**EXCERPTED RECORDS**
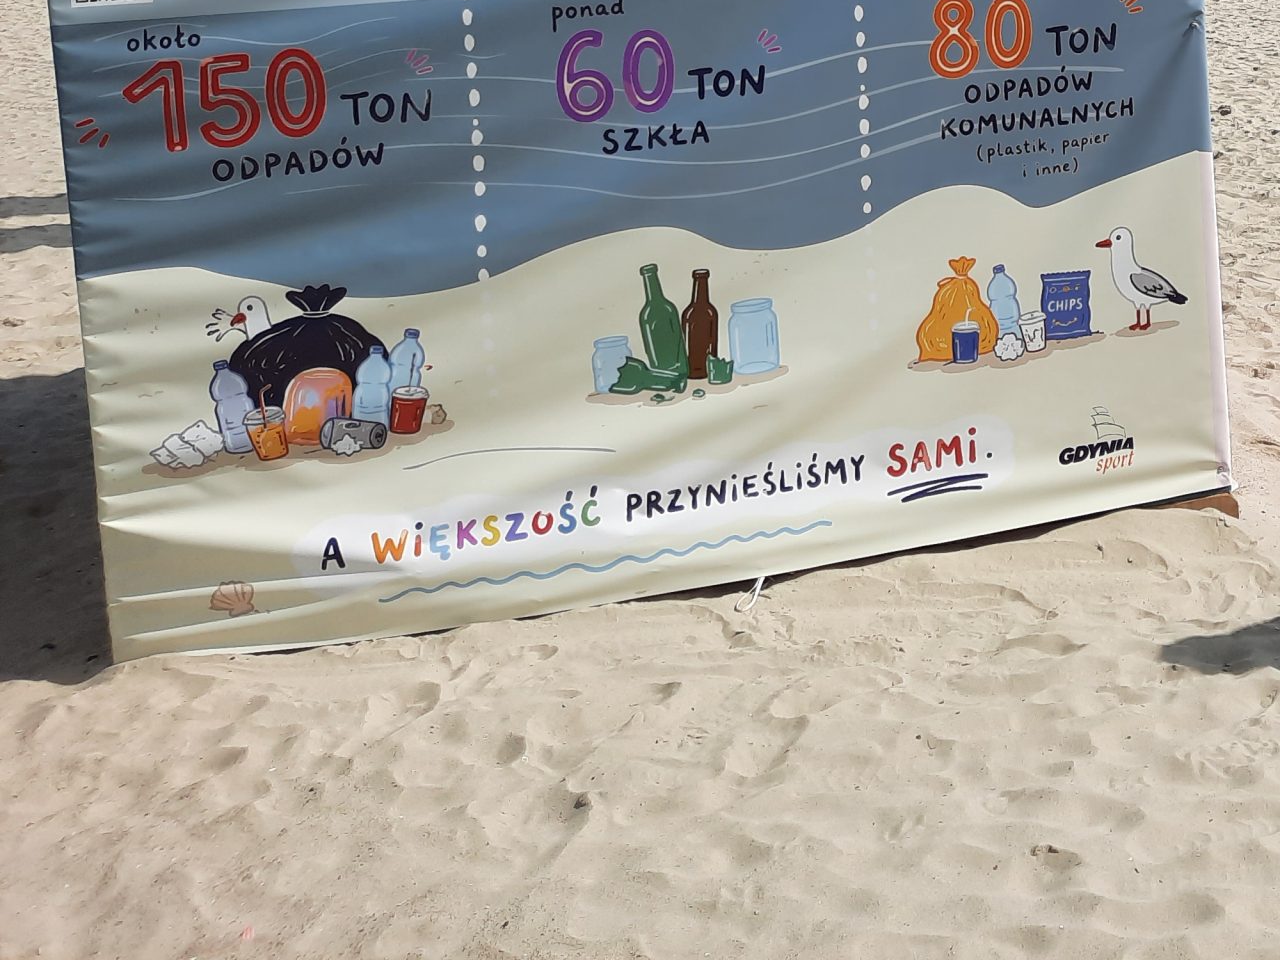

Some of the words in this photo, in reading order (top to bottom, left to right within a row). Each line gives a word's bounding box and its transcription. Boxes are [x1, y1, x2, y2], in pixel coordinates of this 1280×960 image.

[126, 25, 202, 52] około
[1045, 23, 1118, 57] TON
[555, 28, 676, 123] 60
[687, 65, 766, 102] TON
[963, 65, 1095, 105] ODPADÓW
[122, 47, 328, 152] 150
[340, 89, 432, 127] TON
[939, 97, 1136, 141] KOMUNALNYCH
[602, 121, 710, 156] SZKŁA
[976, 141, 1057, 164] (plastik,
[1062, 131, 1110, 159] papier
[212, 136, 385, 182] ODPADÓW
[1022, 164, 1028, 178] i
[1035, 158, 1079, 176] inne)
[1047, 296, 1084, 315] CHIPS
[1058, 437, 1135, 466] GDYNIA
[1095, 449, 1136, 473] sport
[321, 537, 346, 571] A
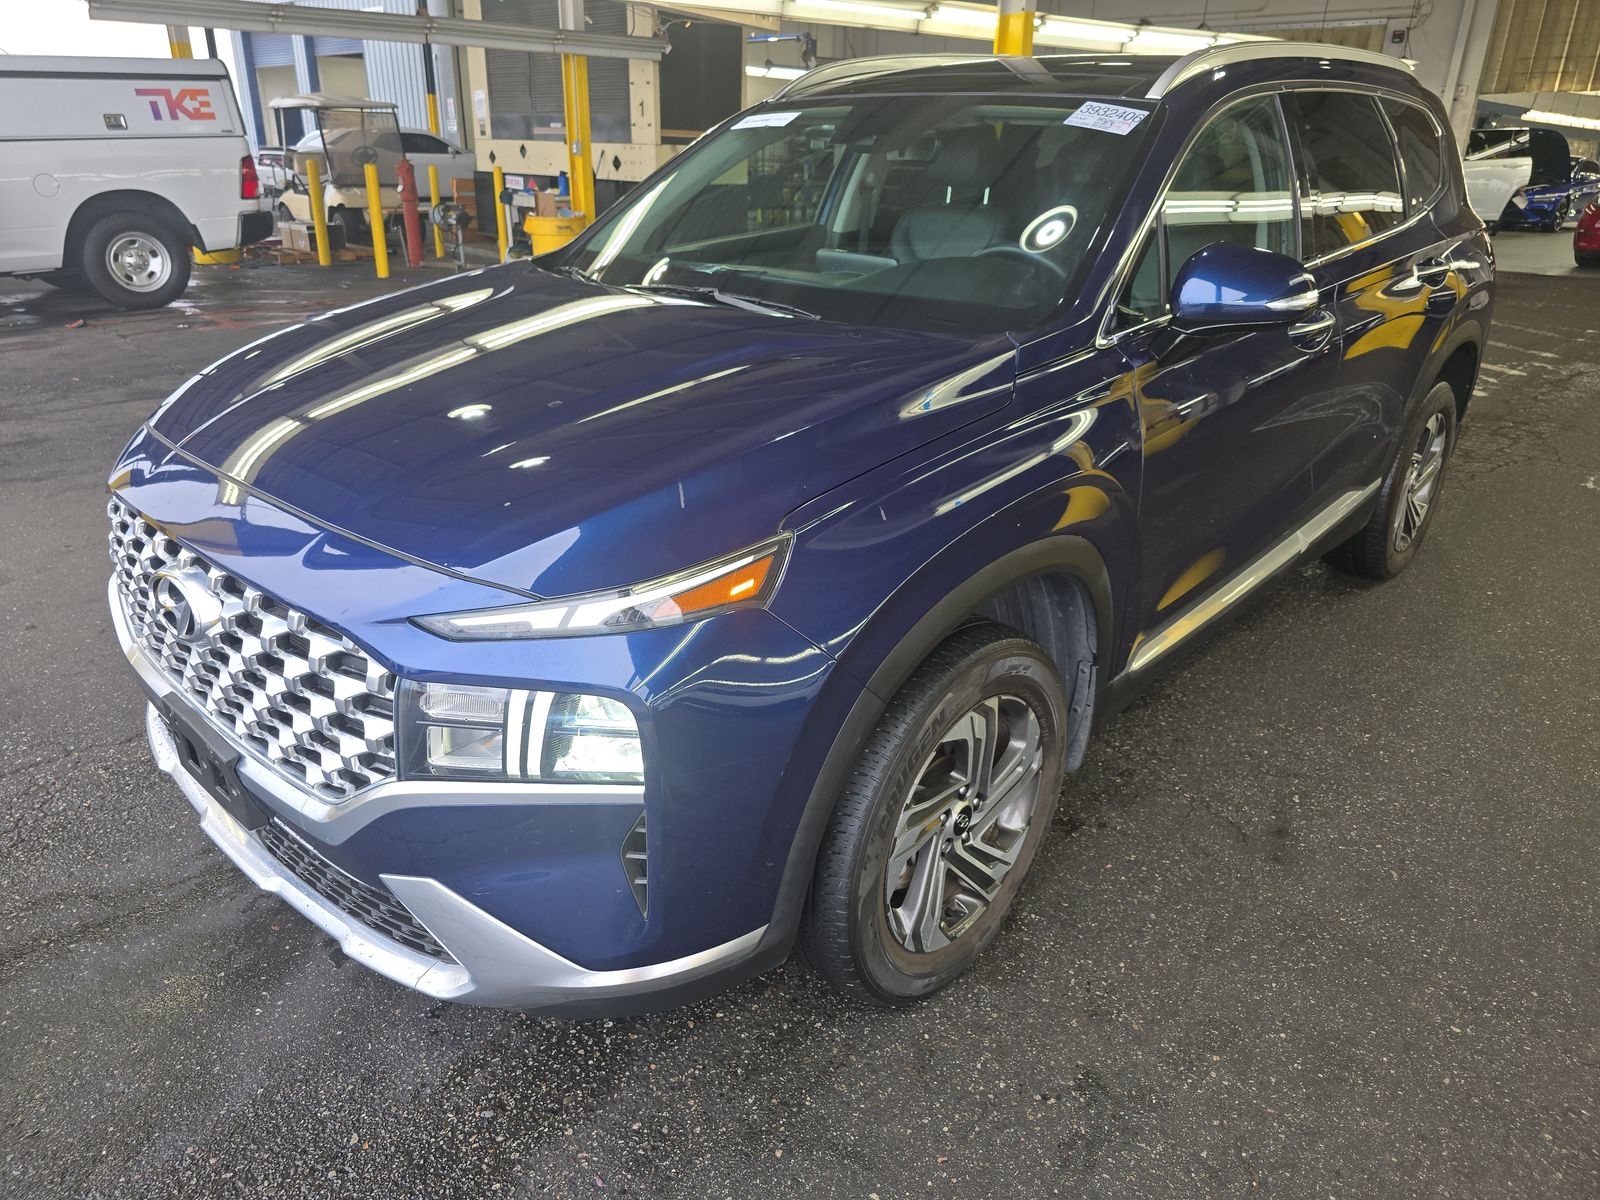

**TASK DIRECTIONS**
The entries above are to be printed again word for word, with every picture removed.

**RESULT OF THIS EXERCISE**
Some of the words in this photo, in reading order (top to bottom, left to right within a row). Each line gives a word's bounding box and its transcription. Boxes are [x1, y1, x2, y2], in pixel coordinates of this 1280×960 image.

[126, 25, 202, 52] około
[1045, 23, 1118, 57] TON
[555, 28, 676, 123] 60
[687, 65, 766, 102] TON
[963, 65, 1095, 105] ODPADÓW
[122, 47, 328, 152] 150
[340, 89, 432, 127] TON
[939, 97, 1136, 141] KOMUNALNYCH
[602, 121, 710, 156] SZKŁA
[976, 141, 1057, 164] (plastik,
[1062, 131, 1110, 159] papier
[212, 136, 385, 182] ODPADÓW
[1022, 164, 1028, 178] i
[1035, 158, 1079, 176] inne)
[1047, 296, 1084, 315] CHIPS
[1058, 437, 1135, 466] GDYNIA
[1095, 449, 1136, 473] sport
[321, 537, 346, 571] A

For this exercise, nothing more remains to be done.